Return only the line containing "this 1600×900 image." and each line after it, exactly as written, through the end of the records.

[[ DATA SUPPLIED open ]]

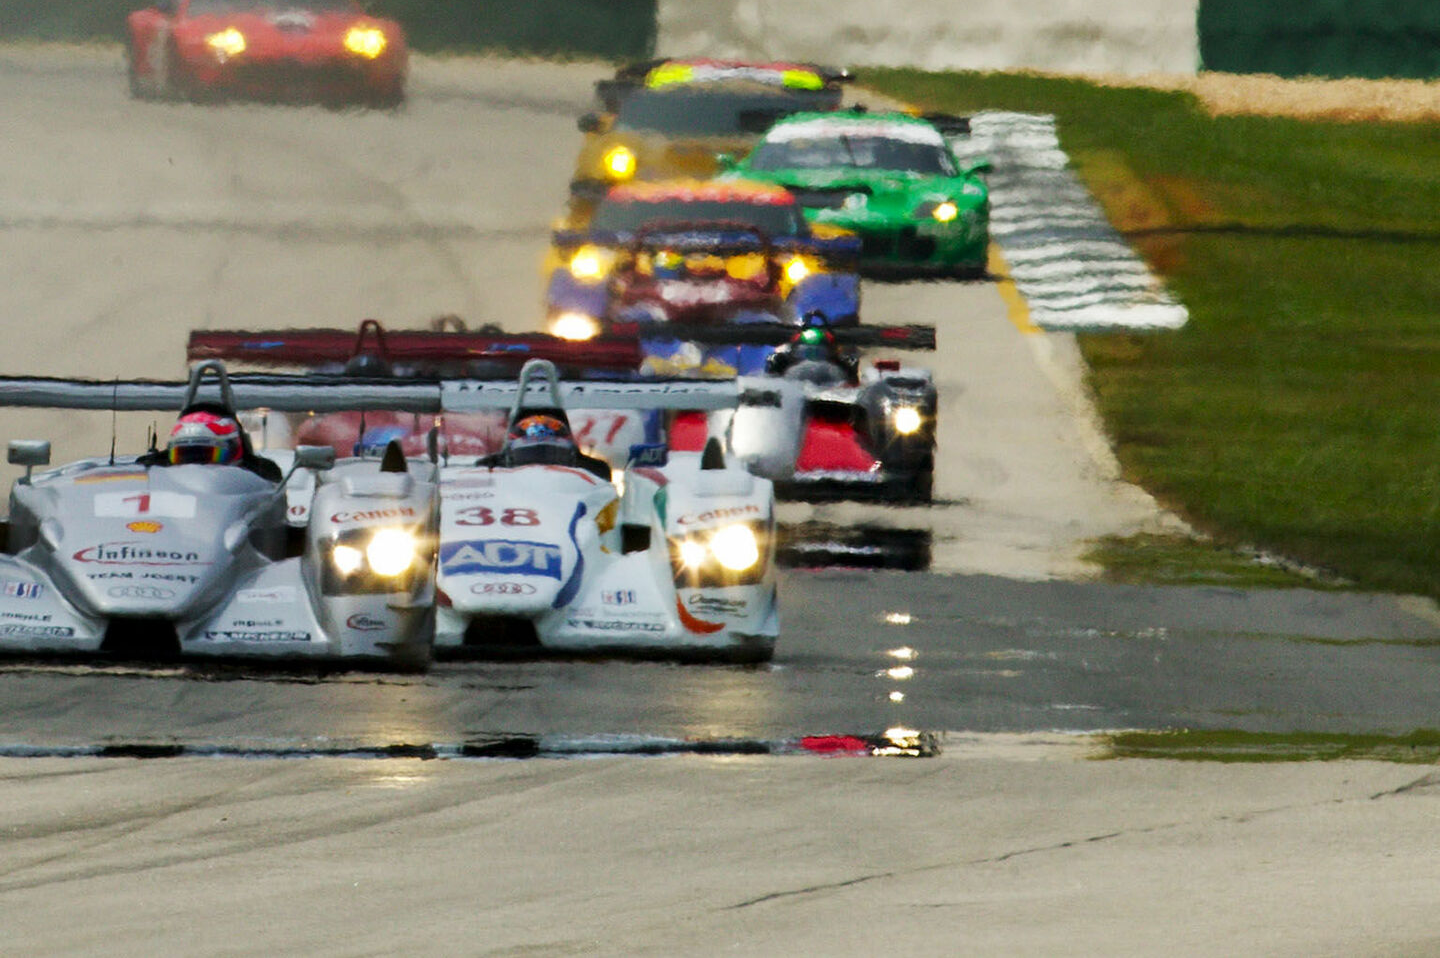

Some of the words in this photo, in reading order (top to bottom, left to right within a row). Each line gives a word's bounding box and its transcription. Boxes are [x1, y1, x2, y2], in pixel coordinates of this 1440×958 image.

[122, 494, 150, 514] 1
[329, 506, 415, 524] Canon
[455, 506, 541, 527] 38
[675, 504, 760, 525] Canon
[97, 543, 199, 560] infineon
[442, 542, 561, 571] ADT
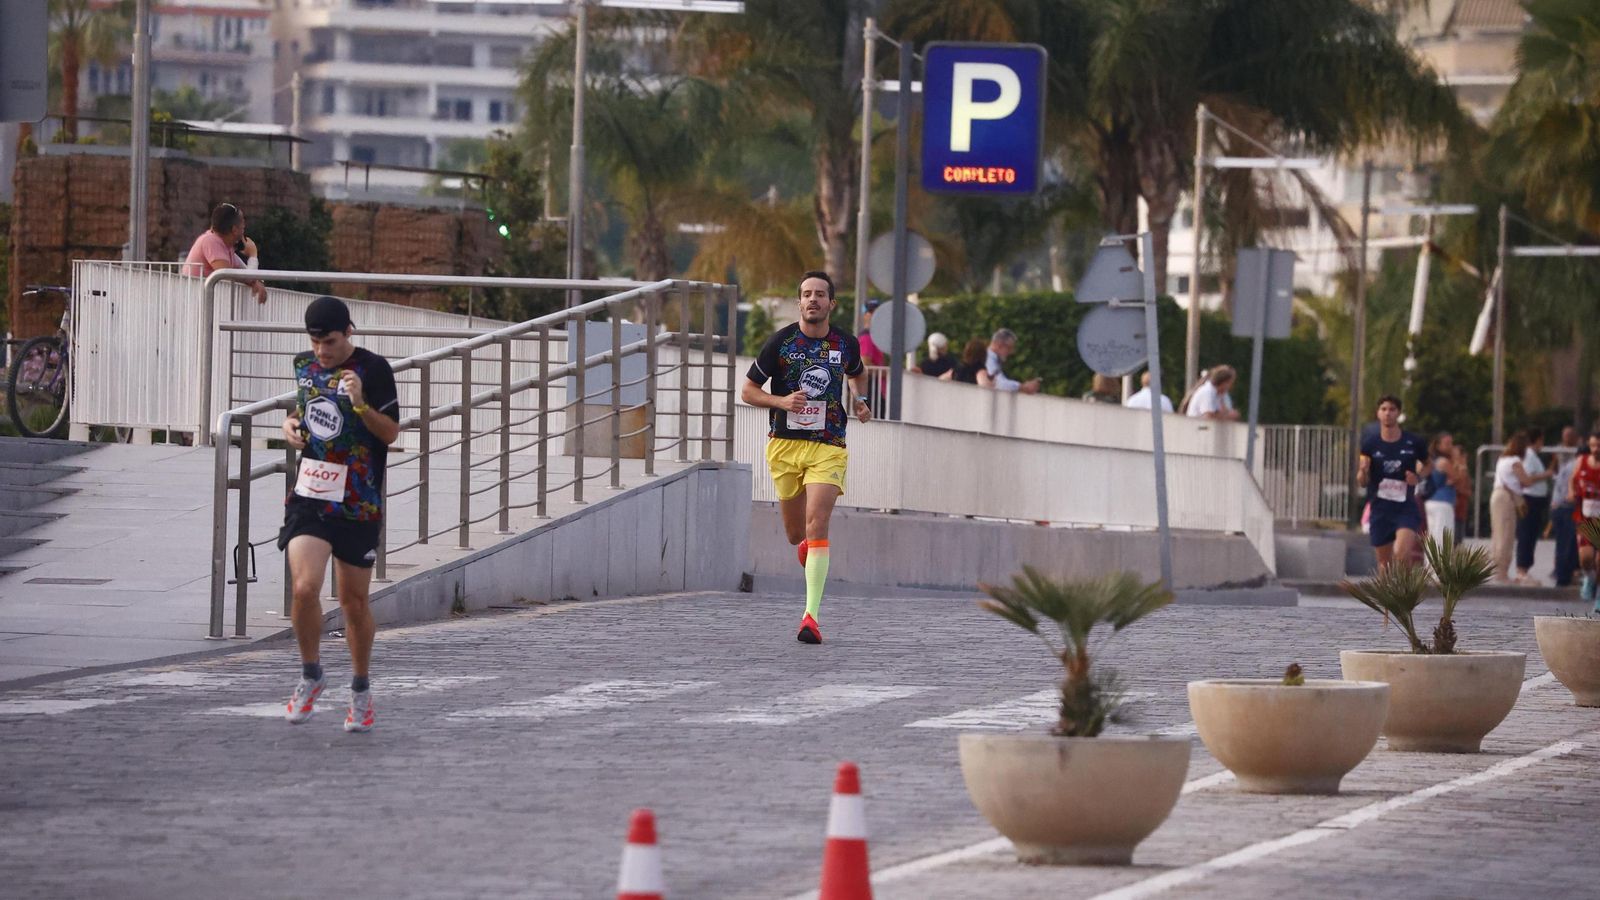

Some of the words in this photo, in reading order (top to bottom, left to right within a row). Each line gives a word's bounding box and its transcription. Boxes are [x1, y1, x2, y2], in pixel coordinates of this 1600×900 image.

[950, 62, 1022, 152] P
[943, 166, 1016, 183] COMPLETO
[802, 379, 825, 391] FRENO
[805, 373, 828, 386] PONLE
[309, 414, 337, 431] FRENO
[310, 405, 339, 424] PONLE
[303, 468, 340, 482] 4407

[[ DATA SUPPLIED closed ]]

▶ **PROBLEM SOLUTION**:
Some of the words in this photo, in reading order (top to bottom, left to right within a row). Each line gives a word's bounding box and its transcription. Boxes are [x1, y1, x2, y2], in pixel coordinates of this 1600×900 image.

[950, 62, 1022, 152] P
[943, 166, 1016, 183] COMPLETO
[802, 379, 825, 391] FRENO
[805, 373, 828, 386] PONLE
[309, 414, 337, 431] FRENO
[310, 405, 339, 424] PONLE
[303, 468, 340, 482] 4407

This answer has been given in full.